# WHAT THE TASK ASKS
The reply should repeat all of the data word for word, with no pictures.

# DATA PROVIDED
------------

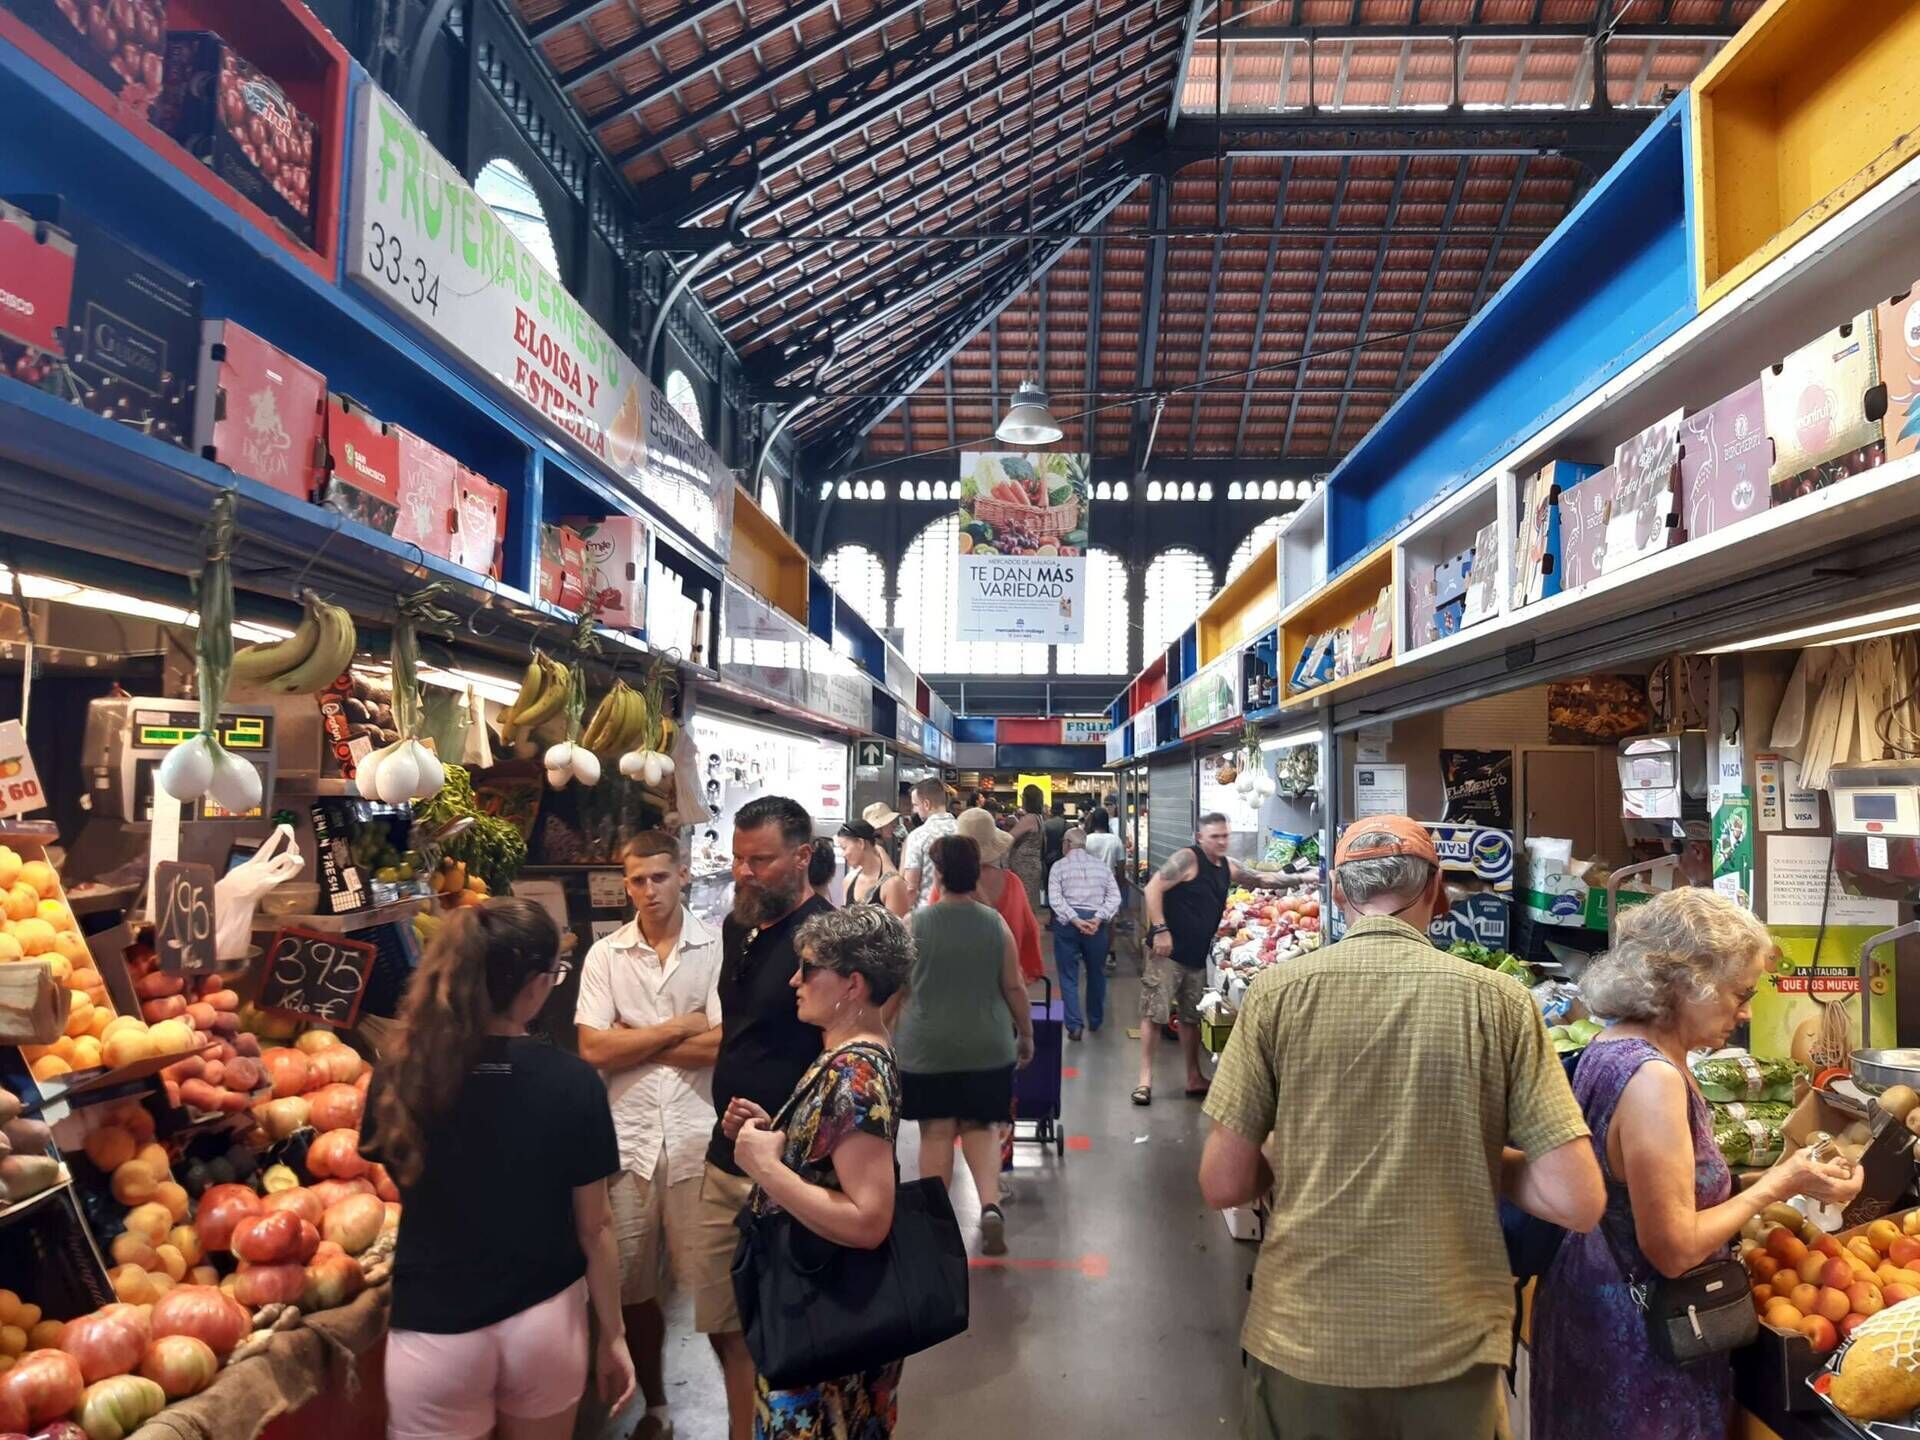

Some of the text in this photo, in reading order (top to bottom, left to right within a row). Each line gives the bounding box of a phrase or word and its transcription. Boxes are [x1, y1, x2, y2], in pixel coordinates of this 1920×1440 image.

[378, 102, 620, 388] FRUTERIAS ERNESTO
[369, 222, 440, 317] 33-34
[513, 306, 600, 409] ELOISA Y
[515, 356, 606, 459] ESTRELLA
[650, 389, 706, 461] SERVICIO
[354, 460, 387, 485] FRANCISCO
[970, 563, 1074, 583] TE DAN MÁS
[980, 582, 1063, 598] VARIEDAD
[1721, 763, 1741, 777] VISA
[311, 807, 331, 848] LEMON
[1794, 813, 1813, 821] VISA
[1797, 967, 1807, 976] LA
[1782, 979, 1803, 991] QUE
[1827, 980, 1860, 991] MUEVE

------------

# EXERCISE ANSWER
Some of the text in this photo, in reading order (top to bottom, left to right within a row). Each line gives the bounding box of a phrase or word and its transcription. Boxes are [x1, y1, x2, y2], in pixel coordinates of this 1920×1440 image.

[378, 102, 620, 388] FRUTERIAS ERNESTO
[369, 222, 440, 317] 33-34
[513, 306, 600, 409] ELOISA Y
[515, 356, 606, 459] ESTRELLA
[650, 389, 706, 461] SERVICIO
[354, 460, 387, 485] FRANCISCO
[970, 563, 1074, 583] TE DAN MÁS
[980, 582, 1063, 598] VARIEDAD
[1721, 763, 1741, 777] VISA
[311, 807, 331, 848] LEMON
[1794, 813, 1813, 821] VISA
[1797, 967, 1807, 976] LA
[1782, 979, 1803, 991] QUE
[1827, 980, 1860, 991] MUEVE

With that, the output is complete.